Enquanto isso, o empresariado brasileiro – sob o escudo do governo federal – vislumbra novas possibilidades de exploração no Haiti. Em visita ao site do Itamaraty, não foi possível obter os nomes da comitiva brasileira que pousou em Porto Príncipe. Mas estava lá, na agenda oficial da presidente, que às 15h do dia 1º houve um convescote com o pomposo nome de " Encontro com representantes empresariais e da sociedade civil brasileiros que atuam no Haiti".
Mas para além dos fantoches, o que importa são os interesses que terão na presidente brasileira uma perfeita ventríloqua – bem como foi a seleção brasileira de futebol em visita que fez lembrar a política de “pão e circo” tão ao gosto dos poderosos desde Roma.
São eles, por exemplo, que garantiram a construção de uma usina hidrelétrica ao custo de US$ 350, dos quais US$ 45 milhões são financiados pelo Brasil e o restante pela comunidade internacional. Que a empreiteira OAS construa uma estrada no sul do país num projeto de US$ 100 milhões financiado pelo governo do Canadá e pelo BID. Que a Odebrecht tenha feito as obras do Aeroporto Internacional de Toussaint Louverture, em Porto Príncipe, após o terremoto. Que após visita ao Haiti do presidente da Fiesp, Paulo Skaf, ele tenha defendido que o BNDES entre como sócios nos projetos no país – desmascarando por completo as reais intenções do governo brasileiro.

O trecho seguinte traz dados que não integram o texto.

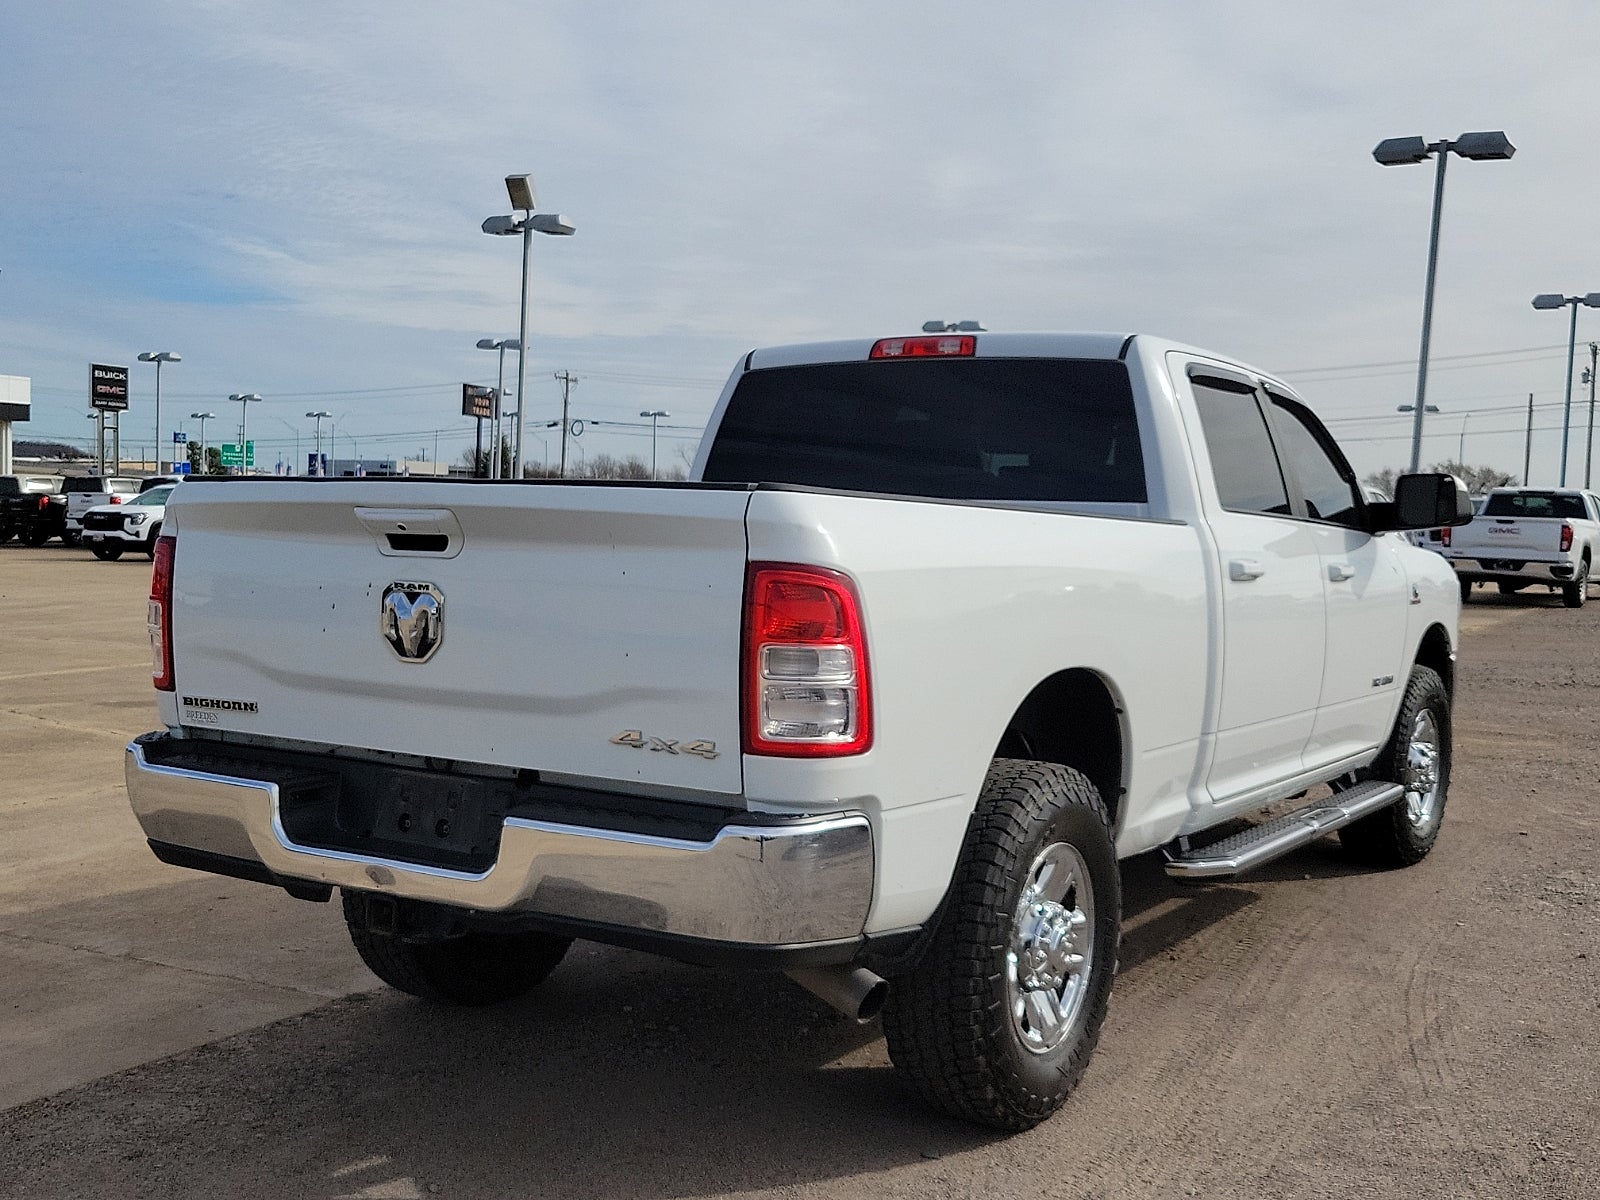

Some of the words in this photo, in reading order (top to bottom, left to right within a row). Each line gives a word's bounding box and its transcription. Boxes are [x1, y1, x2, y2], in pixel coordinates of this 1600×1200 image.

[94, 370, 127, 380] BUICK
[96, 384, 126, 394] GMC
[474, 397, 490, 406] YOUR
[472, 406, 491, 416] TRADE
[1488, 527, 1520, 535] GMC
[393, 582, 430, 591] RAM
[182, 697, 257, 712] BIGHORN

Não é à toa. A burguesia brasileira não tem do que reclamar e uma rápida pesquisa ao site da Secretaria de Comércio Exterior do Ministério do Planejamento não deixa margem para dúvidas: desde que passou a comandar a Minustah, o Brasil (ou melhor, a burguesia brasileira) vem ganhando cada vez mais dinheiro junto àquele país. Se houver apoio do governo então, melhor ainda. Confira no gráfico abaixo como manter este tipo de "solidariedade" com aquele país na verdade configura um ótimo negócio:
Um dia antes, em passagem por Cuba, a presidente Dilma Roussef citou a base norte-americana de Guantánamo e que "violações de diretos humanos ocorrem em todos os países" como resposta a quem questiona o sistema político socialista cubano.
A declaração, que pode ter sido encarada como um alento para quem ainda acredita em boas intenções - à esquerda - na política externa brasileira, entretanto, não pode turvar nosso olhar: Dilma não fez mais do que uma demonstração pública de que está muito atenta aos negócios brasileiros na aguerrida ilha socialista.
Por isso, também deixou claro que sua visita a Havana tinha como principal objetivo "impulsionar as relações econômicas e a cooperação entre Brasil e Cuba". Segundo o Ministério do Desenvolvimento, o intercâmbio comercial entre os dois países atingiu o valor recorde de US$ 642 milhões no ano passado, um crescimento de 31% em relação a 2010 e com saldo amplamente favorável ao Brasil (superávit de US$ 458 milhões).
E sobre a questão dos direitos humanos, cabe um último registro: diferentemente do que a presidente afirmou, em Cuba, se existirem, não são fruto de uma política de estado, ao contrário de "todos os países". A realidade lá é bem diferente da do Brasil, Dilma, como o recente caso do Pinheirinho, em São José dos Campos (SP) não deixa negar.